14話 明晰夢
夢を見ているとき。ああ、これは夢だ!そう気付くときがある。
この夜もそうだった…。
「***起きて。ねえ。***起きてよ!」
「…んん、うぅうん」
眼を開けると、目の前に顔が有った。
「おわっ」
俺が声を上げると、それが離れた。
おおう、またもや素晴らしく麗しい娘だ。
歳は俺と同じぐらいか。
色が白く、睫が長い、大きく優しい眼。眉は細く薄く整った鼻と唇。
身体は細身だが、胸は白い薄衣をしっかり盛り上げている。
あぁ。
美しいものを見ると、うっとりするってのは本当だ。
それにしても、今世に来てから美人や佳人が多すぎる。
確変?この世界は美人確変ですか?
下らないことを考えていたが、変なことがあることに気が付いてきた。
背にした樹はよく見える。が、少し離れた周りは暈けていて、どうやっても焦点が合わない。
…ああ、夢だ。
これは明晰夢だね。夢だけど少し覚醒してきた。
少女は、にっこりと笑ってこっちを見ている。
「やっと起きてくれたね。待っていたんだよ」
「そうなんだ…」
「うん」
声もややハスキーで好みだ。
それにしても、誰かに似てる。
ああ、母上だ。
若いときの母上か?…いや、もっと似てる人が居る気がする…。
俺じゃないか!
胸があったから無意識に除外してた。
俺の顔のようで、微妙に違う。
そうか!
ユリを始め、使用人達に良い意味で女のようにと言われるが、この少女は、本当に女顔だ。
「そう。私は君なの。アレックスだよ」
やっぱり。
俺が乗っ取ったアレックスだ。どこかに追いやった意識が、夢に現れてるのだ。しかし……。

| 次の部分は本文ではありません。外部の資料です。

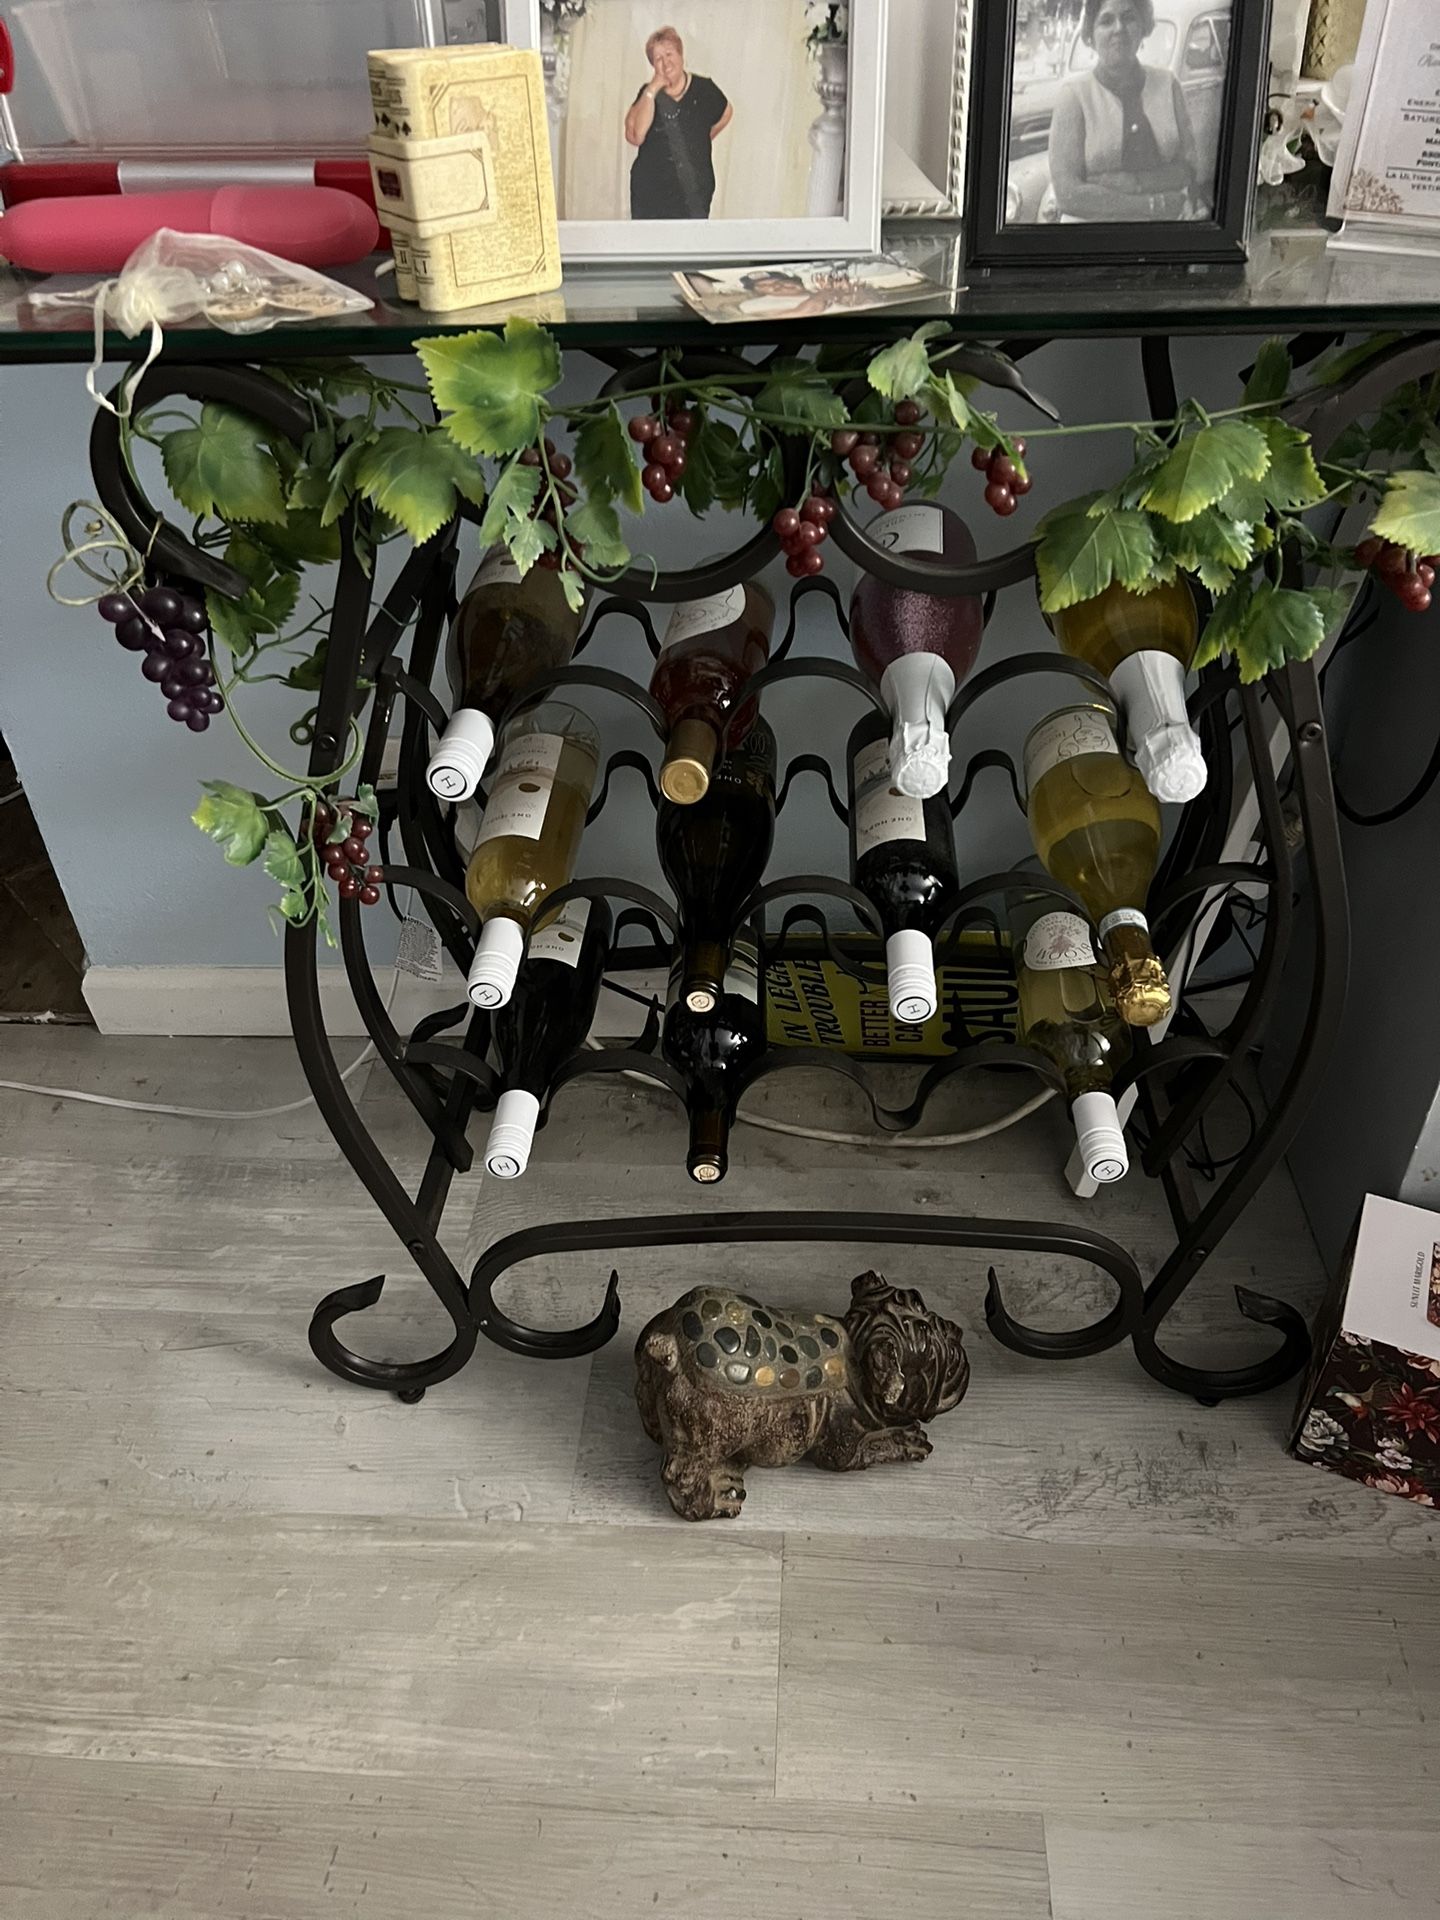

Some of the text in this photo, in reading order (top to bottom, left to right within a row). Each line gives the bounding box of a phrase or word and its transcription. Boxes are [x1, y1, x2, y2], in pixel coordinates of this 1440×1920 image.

「…おまえは、なんで女になってる?姿も声も。言葉遣いも」
「私は、本当は女に生まれるはずだったんだ…アレク。君のことはアレクって呼ぶよ」
「何とでも呼んで貰って良いが…女に生まれるはずだった…だと?」
意味が分からん。
「私は、母上のお腹の中に居るときに女だったの、先生に無理矢理男に換えられたの!」
まじで?
「本当なのか?」
「自分に嘘を言わないでしょ!」
まあ、自分に嘘を吐くこともあるが…。
男の方が都合が良いから、造り換えた?
そんなこと可能なのか…。
「私を信じて…」
「信じるさ」
女だったのに、無断で性転換かよ。
先生…!それはあかん。それはあかんよ!先生。
そりゃあ、自分の身体を文字通り弄ばれれば、怒りもする。両親の出会いからして、仕組まれたんだと知っていれば、嫌気も差す。死にたくなっても…分からないでも無いが。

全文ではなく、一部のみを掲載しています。